Blue Cheese Can Turn Pink Now?

Changing the color of the mold might change the flavor profile as well.

Blue cheese is named for the color of the veins of mold that run through it—but we might have to start thinking of some different ways to refer to it. That's because scientists have discovered that the cheese's namesake color can actually be manipulated to take on different hues. Blue cheese, it turns out, can run the gamut of colors between white, yellow-green, red-brown-pink, and different shades of blue.

How scientists changed the color of blue cheese

Science Daily explains that a team from the School of Life Sciences at the University of Nottingham made the cheesy discovery.

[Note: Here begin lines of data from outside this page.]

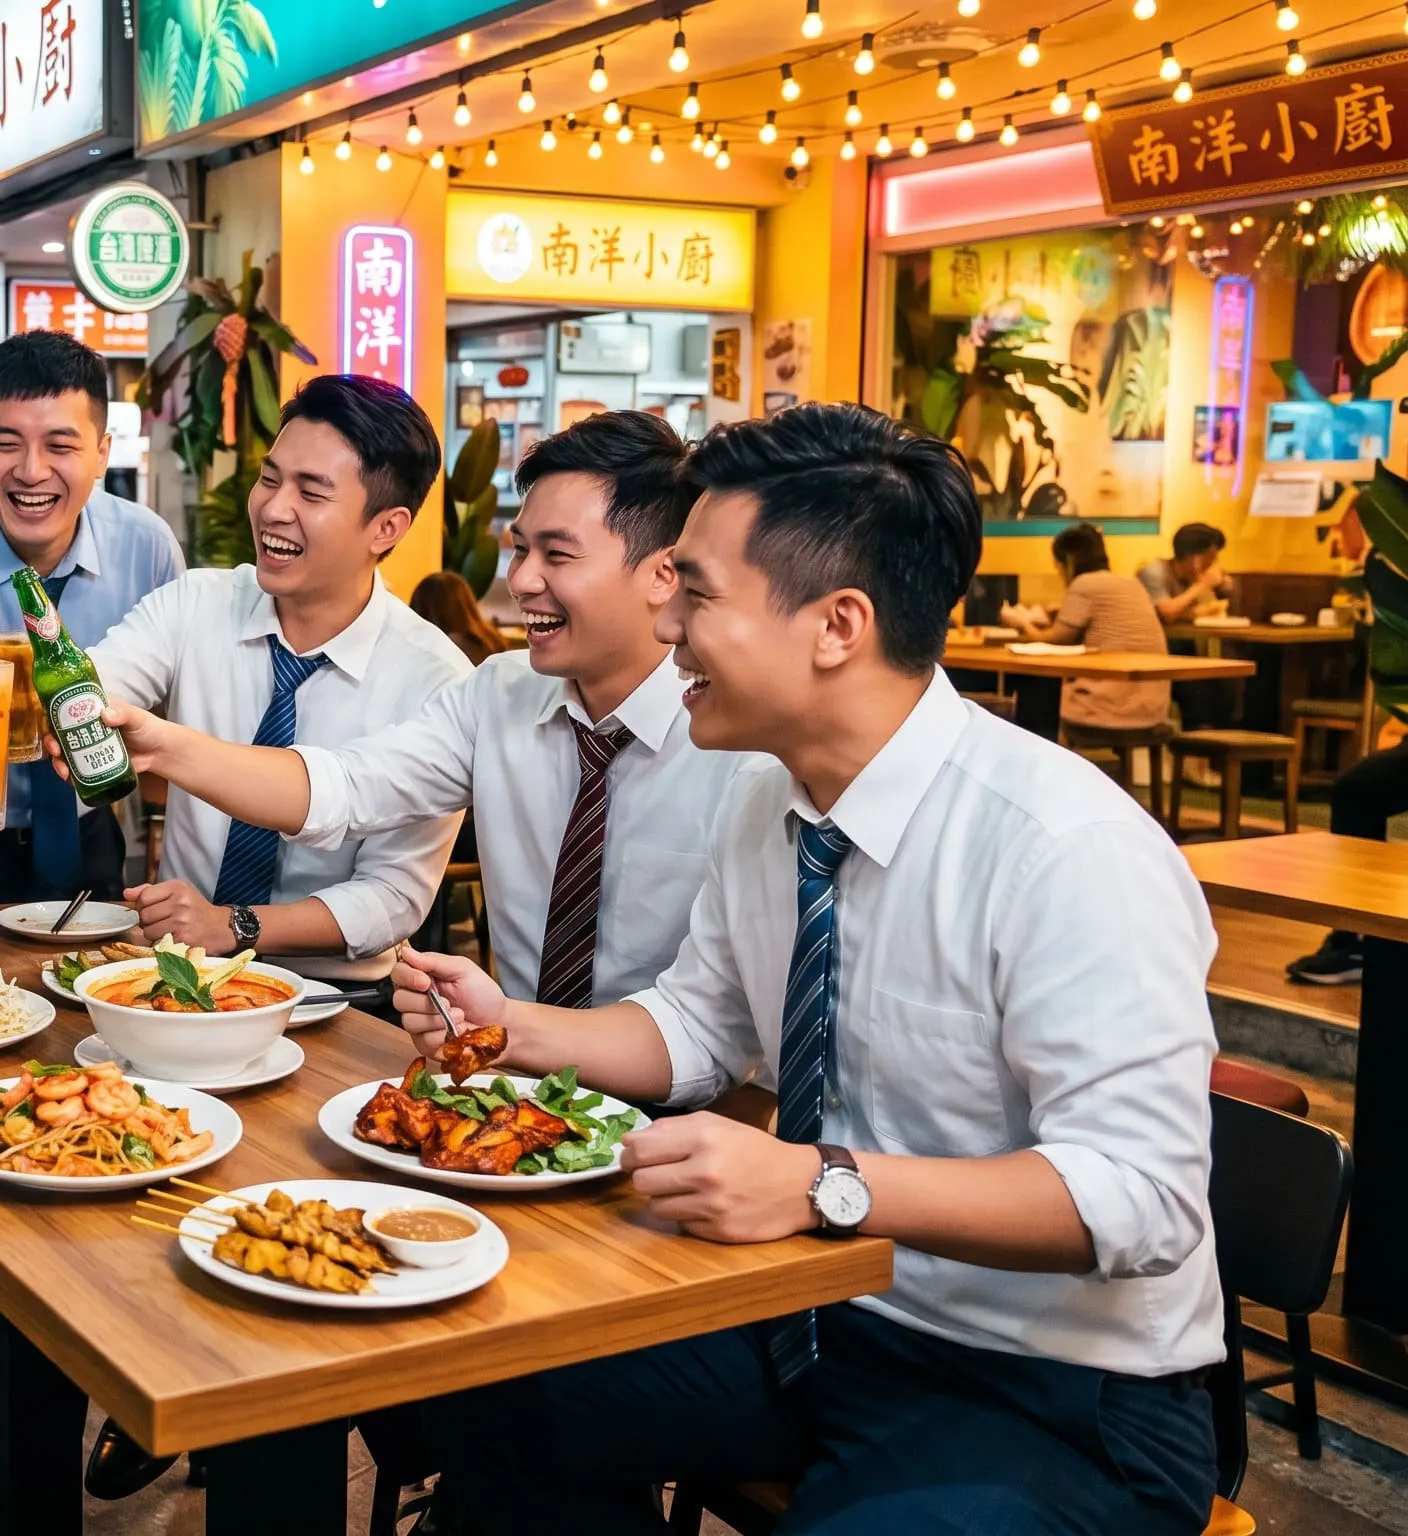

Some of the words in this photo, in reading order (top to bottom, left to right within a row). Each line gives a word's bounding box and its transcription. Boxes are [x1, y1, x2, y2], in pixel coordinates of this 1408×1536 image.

[1128, 83, 1395, 187] 南洋小廚
[542, 222, 715, 286] 南洋小廚
[355, 237, 403, 379] 南洋
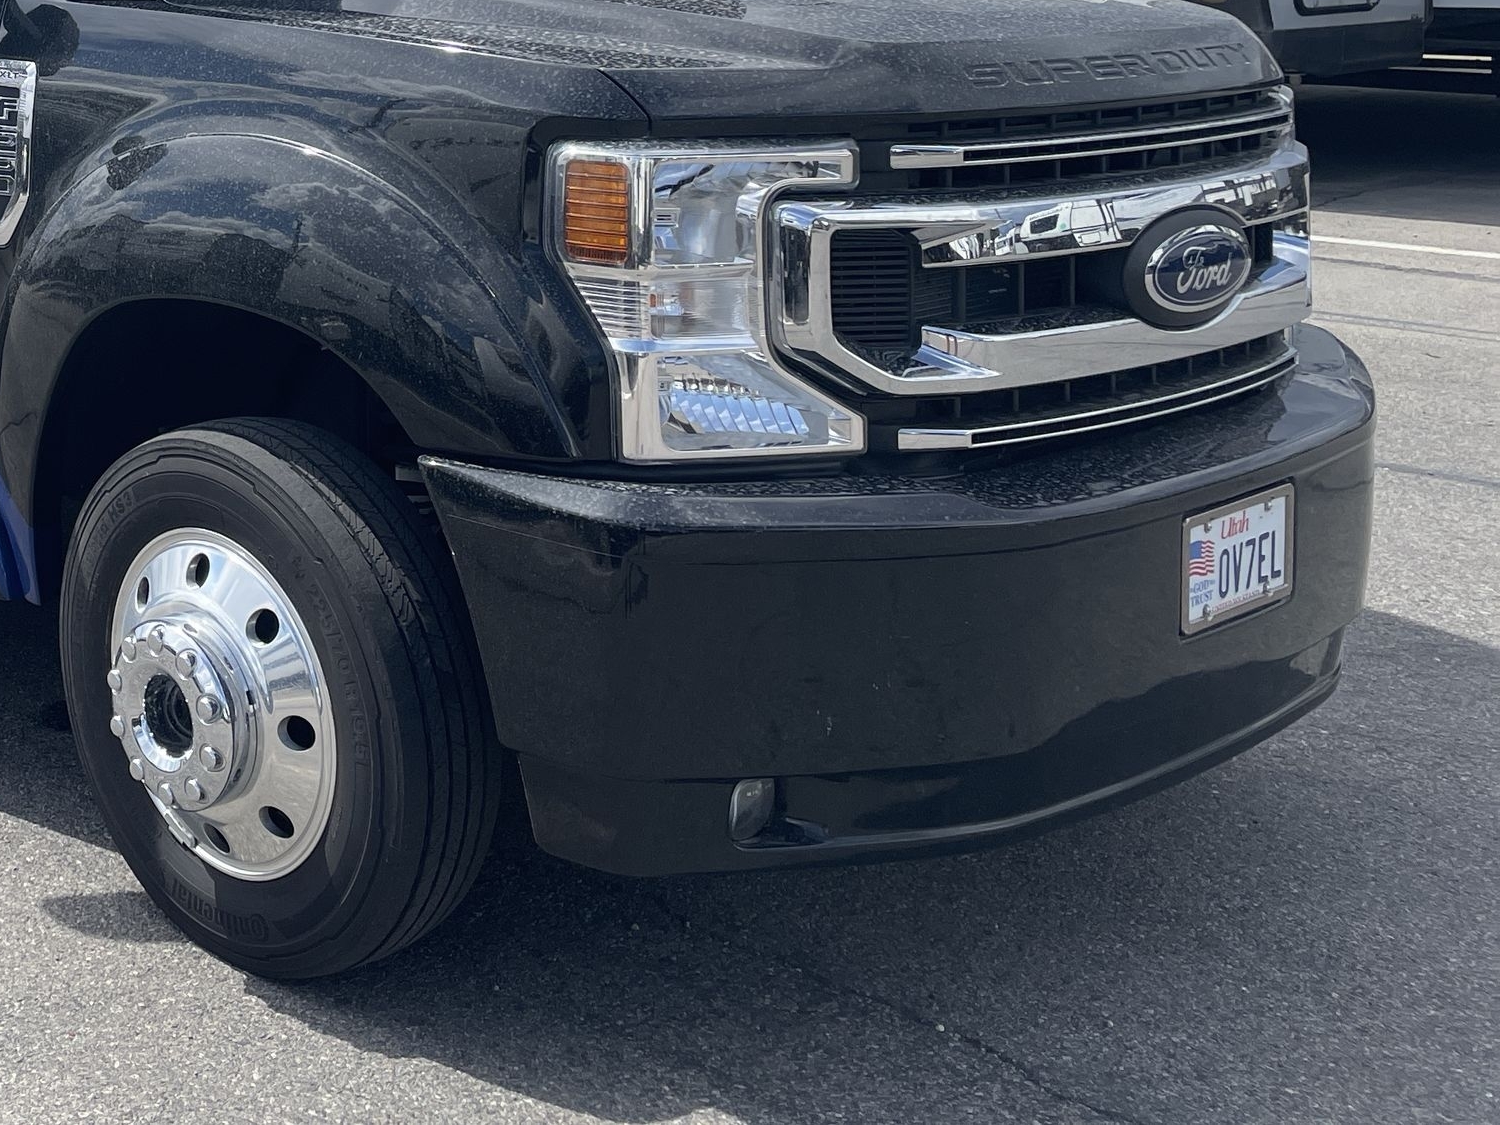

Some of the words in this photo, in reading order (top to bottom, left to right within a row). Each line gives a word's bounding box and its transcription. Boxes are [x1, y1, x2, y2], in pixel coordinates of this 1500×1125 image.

[0, 70, 20, 79] XLT
[964, 54, 1155, 89] SUPER
[1150, 43, 1250, 75] DUTY
[1176, 244, 1233, 294] Ford
[1221, 510, 1250, 539] Utah
[1191, 589, 1214, 607] TRUST

The color of blue cheese comes from the fungus Penicillium roqueforti, and that signature blue-green color comes from pigmented spores throughout its growth.

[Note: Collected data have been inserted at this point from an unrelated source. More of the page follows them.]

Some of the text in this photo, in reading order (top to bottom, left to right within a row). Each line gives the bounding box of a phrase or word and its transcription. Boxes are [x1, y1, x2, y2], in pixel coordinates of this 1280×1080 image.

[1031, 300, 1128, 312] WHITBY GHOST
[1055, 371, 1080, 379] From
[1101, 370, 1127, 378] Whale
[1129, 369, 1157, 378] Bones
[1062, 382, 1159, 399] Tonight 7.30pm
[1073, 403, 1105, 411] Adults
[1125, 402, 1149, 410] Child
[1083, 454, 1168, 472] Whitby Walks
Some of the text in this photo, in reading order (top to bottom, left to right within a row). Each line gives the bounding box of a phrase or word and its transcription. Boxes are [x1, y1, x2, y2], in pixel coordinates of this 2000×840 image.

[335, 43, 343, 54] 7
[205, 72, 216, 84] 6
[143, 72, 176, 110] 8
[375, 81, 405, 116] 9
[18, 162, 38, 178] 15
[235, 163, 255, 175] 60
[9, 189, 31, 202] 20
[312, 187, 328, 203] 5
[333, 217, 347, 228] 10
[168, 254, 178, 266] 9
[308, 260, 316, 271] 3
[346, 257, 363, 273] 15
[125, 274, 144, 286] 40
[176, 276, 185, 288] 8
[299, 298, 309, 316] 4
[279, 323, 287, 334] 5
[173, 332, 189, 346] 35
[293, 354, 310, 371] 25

After studying how the natural color develops, the scientists learned that it's created via a particular biochemical pathway. After some tinkering, researchers discovered how to halt the pigmentation process at certain points. When that happens, the colors can be altered—and by extension, so can the flavor of the cheese.

That being said, one of the team members, Dr. Paul Dyer, professor of fungal biology at the University of Nottingham, says that the newly developed strains don't taste too different from regular blue cheese. "We found that the taste was very similar to the original blue strains from which they were derived," he said.

Volunteers who sampled the cheese during subsequent tests said that lighter-colored strains tasted more mild, while darker ones seemed more intense. As for the cheeses with reddish-brown and light green coloring, the tasters said that there was more fruitiness and tanginess to them. Given how scientifically similar the spores are, though, this might just be perception rather than a detectable flavor difference actually reflected in the cheese.


I guess it's that color effect: Give me a bright green drink, and I'll probably assume you're handing me a lime flavor. Hand me a red one, and suddenly it's cherry. It's sort of like Froot Loops, where you might think the purple loop tastes different from the orange one, when the truth is, they're all the same flavor. Blue cheese turned pink? What's next, red velvet cake turned yellow? Is nothing sacred any more? Sacre bleu!